● **ACTIVITY**
Apart from the pictures, reproduce the data below exactly as it stands.

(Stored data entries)
|---|

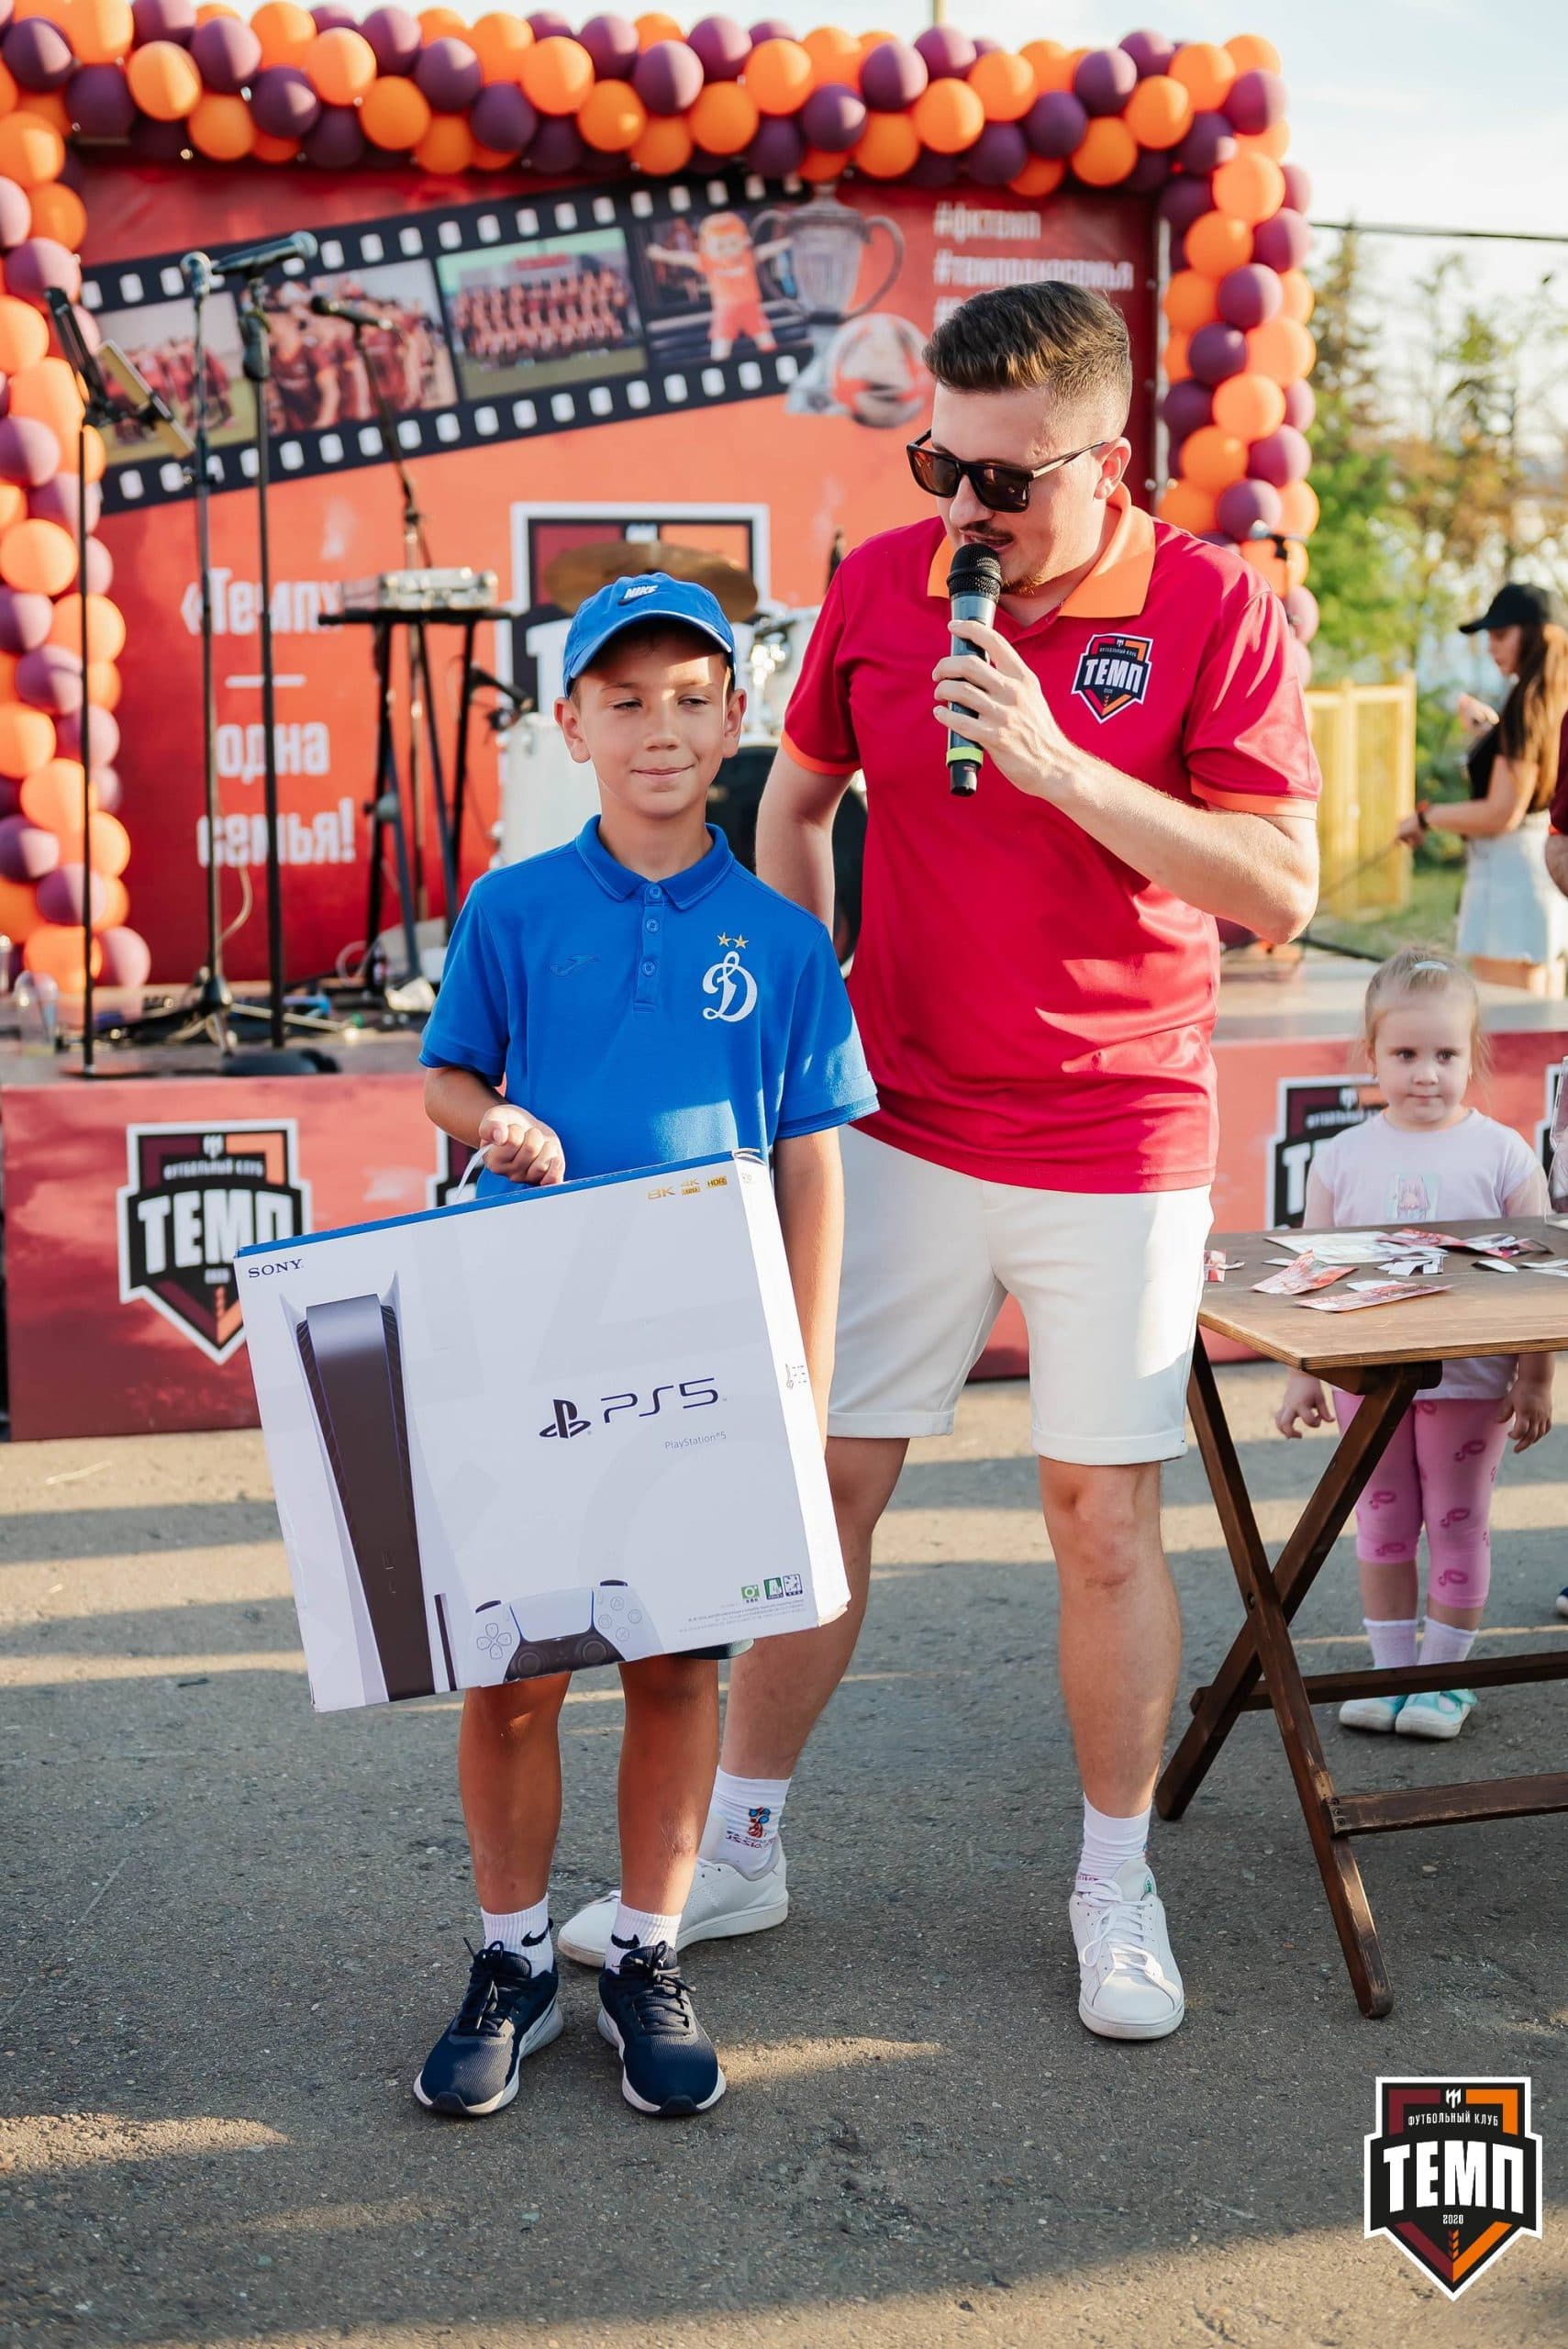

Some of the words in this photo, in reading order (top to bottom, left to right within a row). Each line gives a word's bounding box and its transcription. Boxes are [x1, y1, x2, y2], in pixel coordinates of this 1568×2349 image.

[623, 584, 659, 599] NIKE
[1083, 659, 1144, 694] ТЕМП
[248, 1258, 303, 1278] SONY
[600, 1377, 718, 1424] PS5
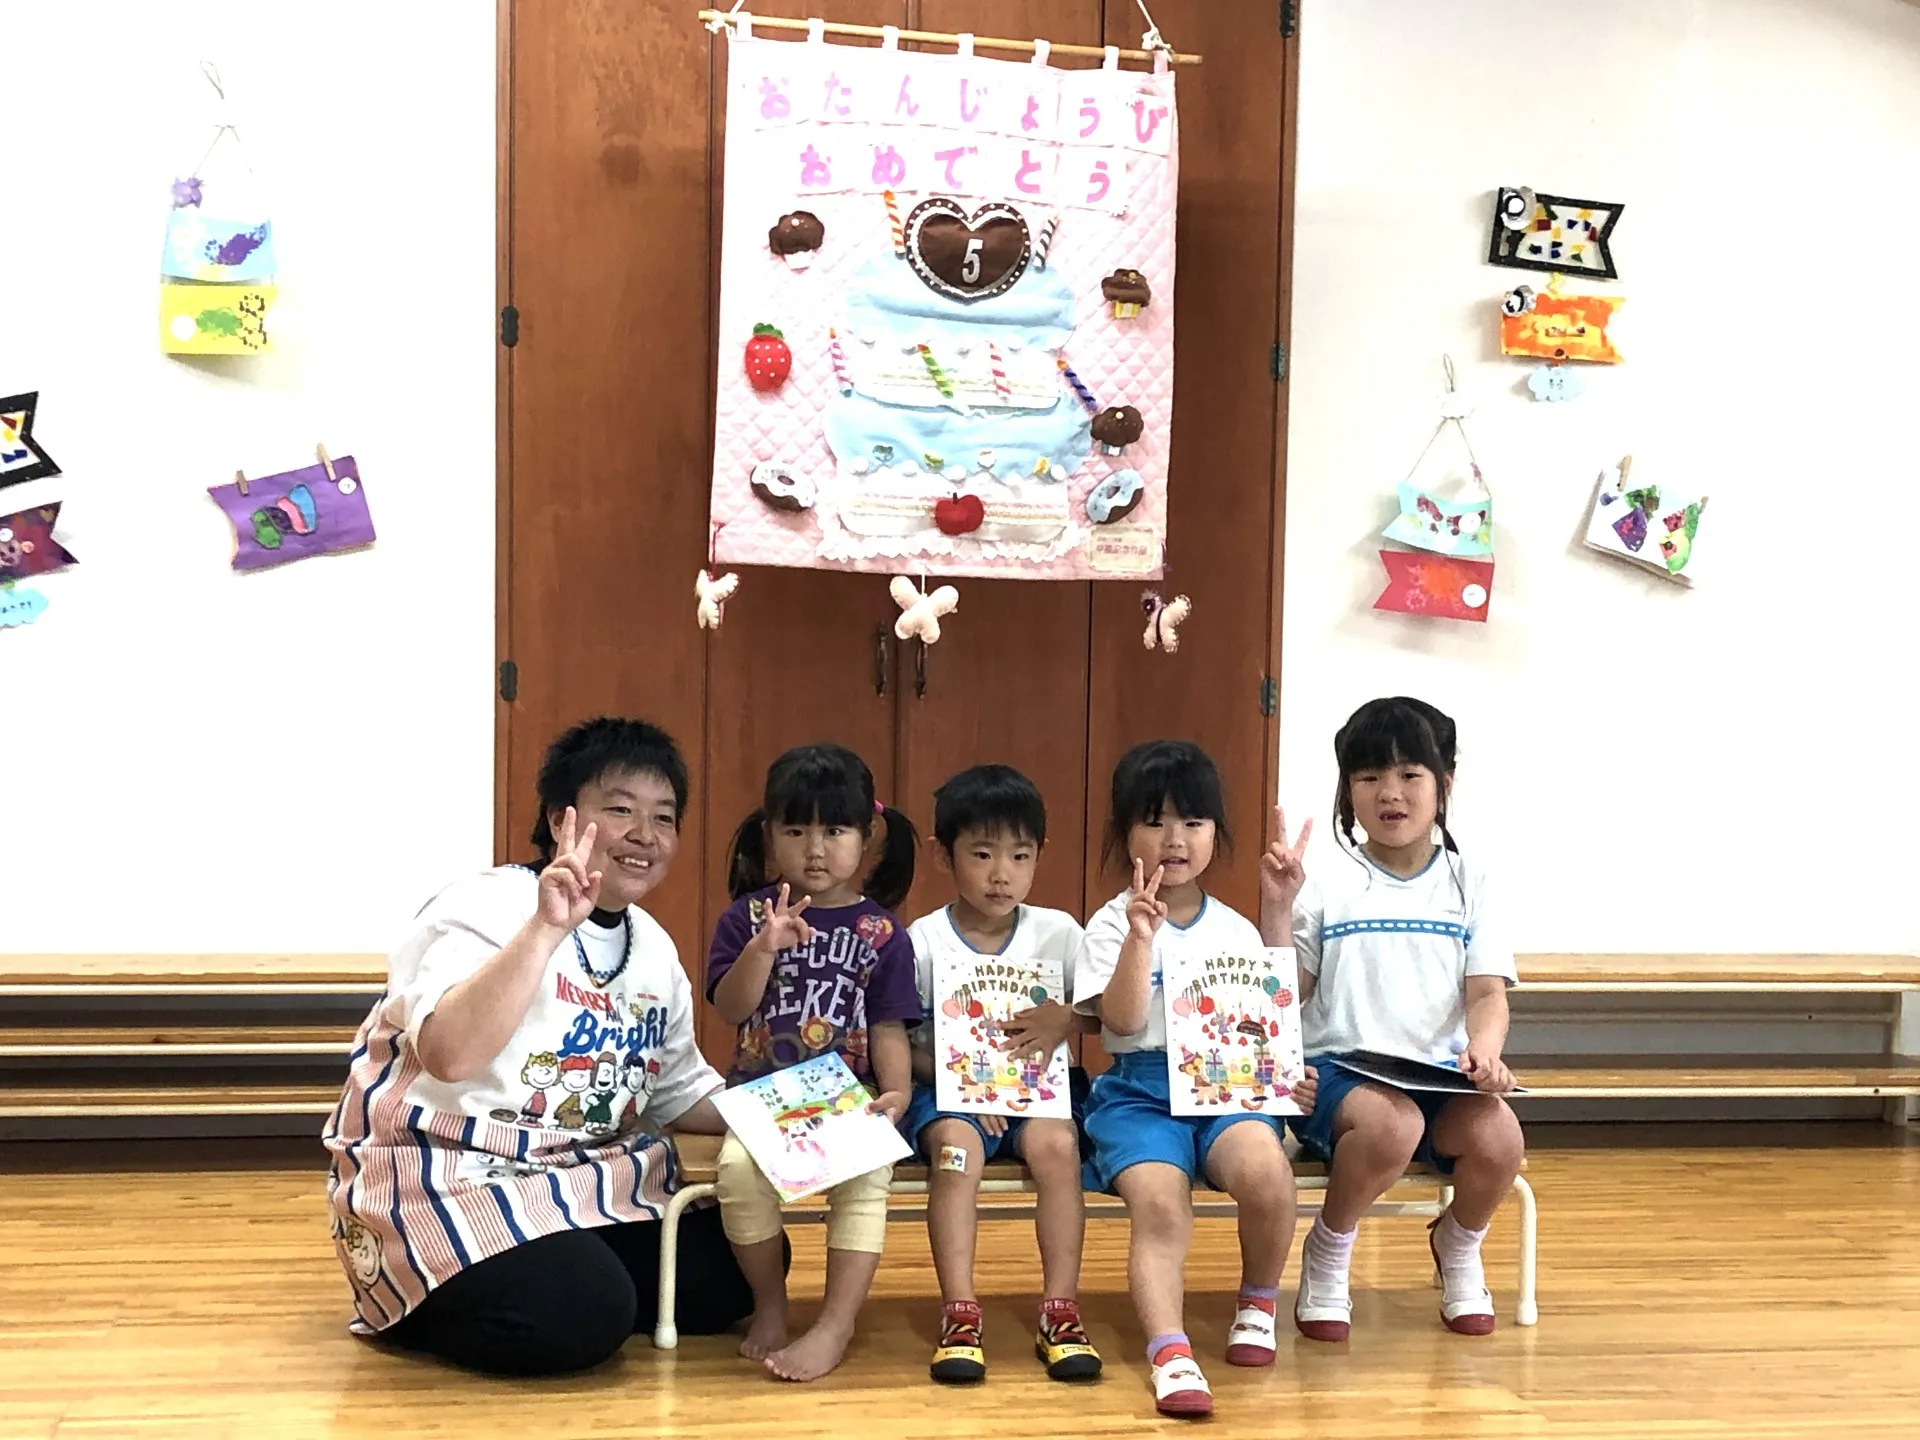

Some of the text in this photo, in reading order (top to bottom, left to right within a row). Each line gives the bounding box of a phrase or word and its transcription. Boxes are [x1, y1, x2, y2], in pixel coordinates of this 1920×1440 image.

[799, 143, 1112, 203] おめでとう
[961, 238, 985, 285] 5
[974, 964, 1026, 981] HAPPY
[1205, 956, 1257, 971] HAPPY
[556, 972, 614, 1012] MERRY
[556, 1006, 668, 1058] Bright

|---|

● **RESULT FOR THIS EXERCISE**
Some of the words in this photo, in reading order (top to bottom, left to right within a row). Each line gives a word's bounding box and its transcription. Boxes are [x1, y1, x2, y2], in pixel coordinates of this 1568×2349 image.

[623, 584, 659, 599] NIKE
[1083, 659, 1144, 694] ТЕМП
[248, 1258, 303, 1278] SONY
[600, 1377, 718, 1424] PS5

Some of the text in this photo, in reading order (top to bottom, left to right within a row). Each line gives the bounding box of a phrase or word and its transcription. Boxes are [x1, y1, x2, y2], in pixel coordinates of this 1920×1440 image.

[799, 143, 1112, 203] おめでとう
[961, 238, 985, 285] 5
[974, 964, 1026, 981] HAPPY
[1205, 956, 1257, 971] HAPPY
[556, 972, 614, 1012] MERRY
[556, 1006, 668, 1058] Bright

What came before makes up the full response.